As a die-hard Habs fan, I hate to say this, but 30 games away from the end of the regular season, I sincerely hope that the Canadiens aren't sitting in one of those 8 playoffs seeds. Because that's the only way that things are going to change. It's the only way the Molsons will take action, and it's the only way that the Canadiens will finally end up with a general manager that has the gusto of making the means that will finally restore this team to the glory it never should have misplaced in the first place.
Think about that as the Canadiens prepare to face off against the Devils and Rangers, in what should be two cringe-worthy games for Habs fans.

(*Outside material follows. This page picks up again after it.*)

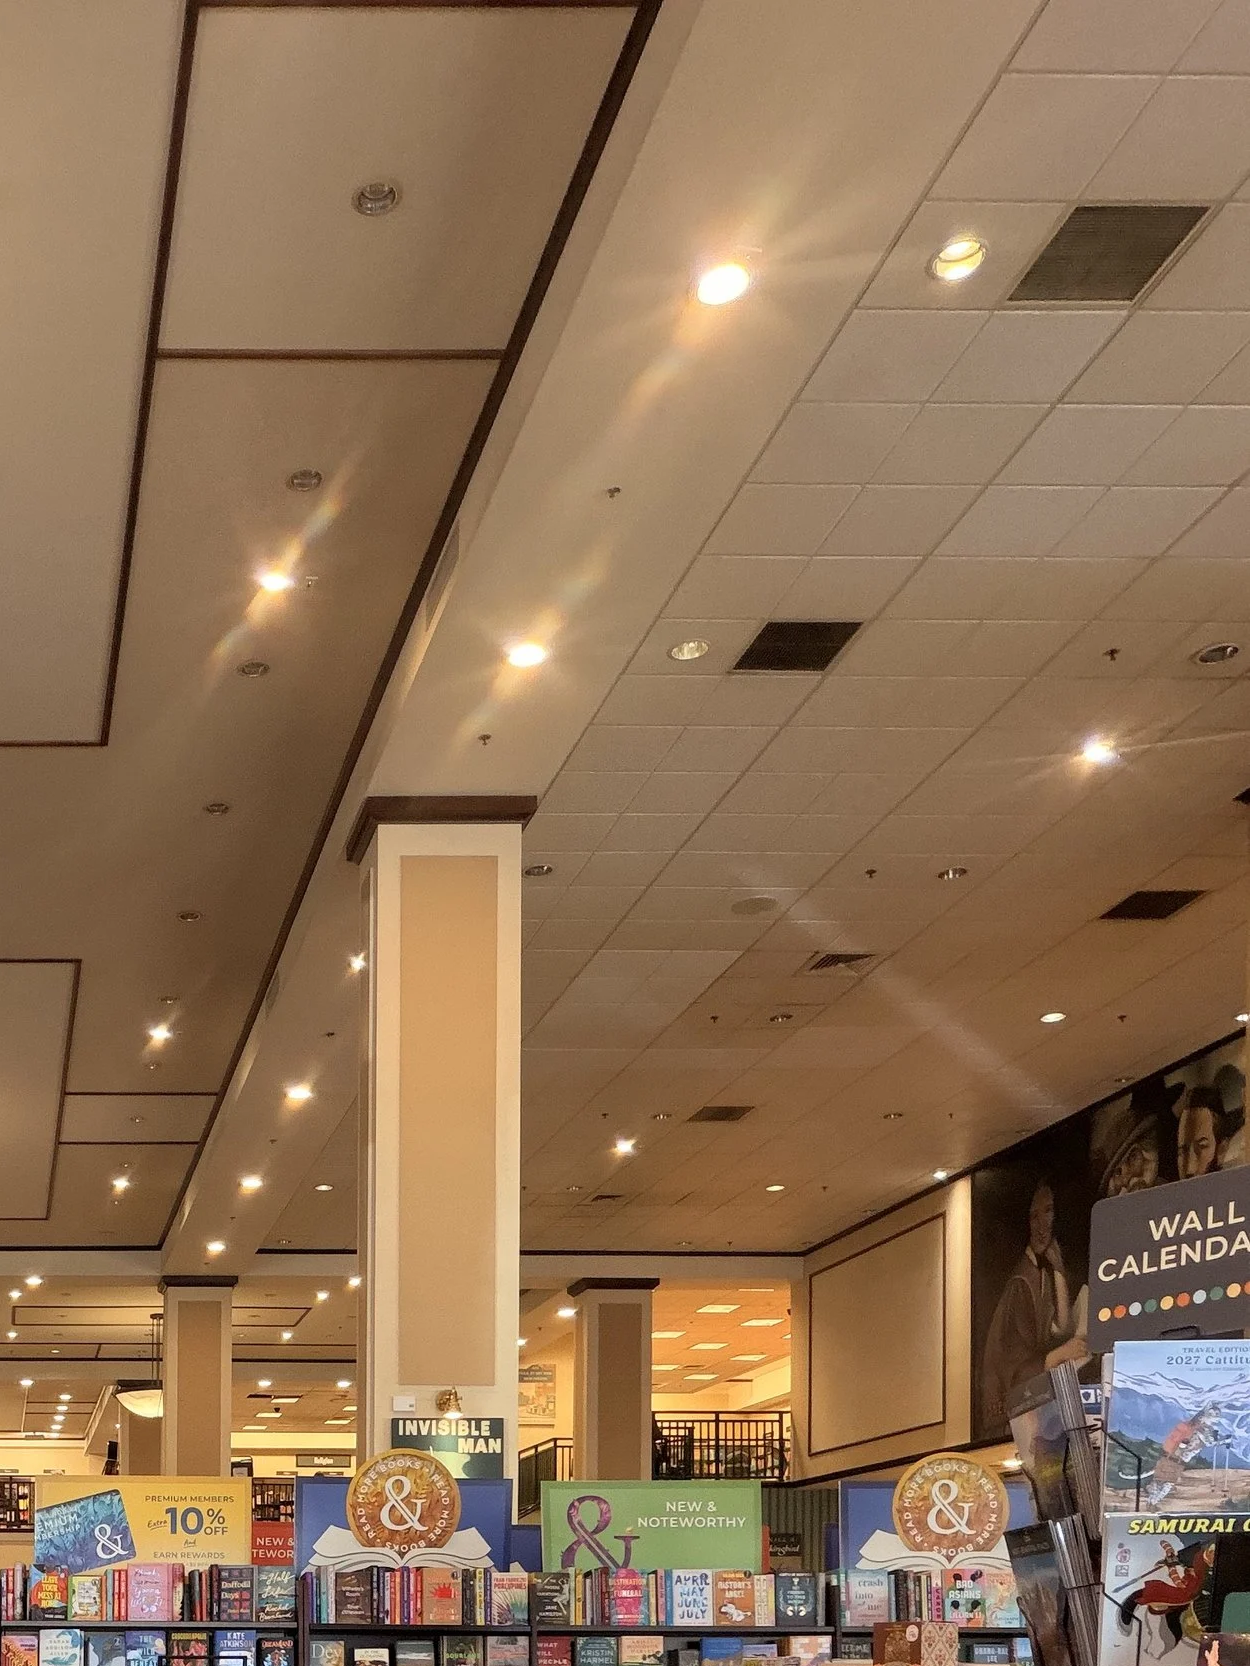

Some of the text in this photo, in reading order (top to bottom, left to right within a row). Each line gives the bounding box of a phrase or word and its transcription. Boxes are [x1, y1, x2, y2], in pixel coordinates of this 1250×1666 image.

No stats today, you all know what they're going to say. Plekanec and Cammalleri lead most of the categories, and the Canadiens need to score more goals, while keeping less out of their own net. Can they do it? It's doubtful, with the Devils being one of the best teams in the east, and the rangers sitting pretty in 6th place.
If the Canadiens stand any chance of working their way out of their funk and out of 11th place, they're going to need to come out of this weekend with AT LEAST 3 out of 4 points, but that's obviously easier said than done.
Nevertheless, BGL or no BGL, the Canadiens will have to look forward to facing the Devils tonight in New Jersey, before coming home to face the Rangers tomorrow night, and everyone better be on the same page, or it's going to be a fiasco.
(watch them dominate and win both games, like they did in the Centennial game, which I predicted to be a fiasco)
ON A SLIGHTLY MORE SERIOUS NOTE...
Our thoughts and prayers go out to Jean Beliveau and his family today. Le Gros Bill suffered a stroke late Wednesday night, and while he is said to be in stable condition with no immediate danger to his life, it really puts things into perspective. Beliveau is arguably the greatest Montreal Canadien in the organization's 100 year history. TCL and the many Canadiens fans who visit the site wish Beliveau a speedy recovery!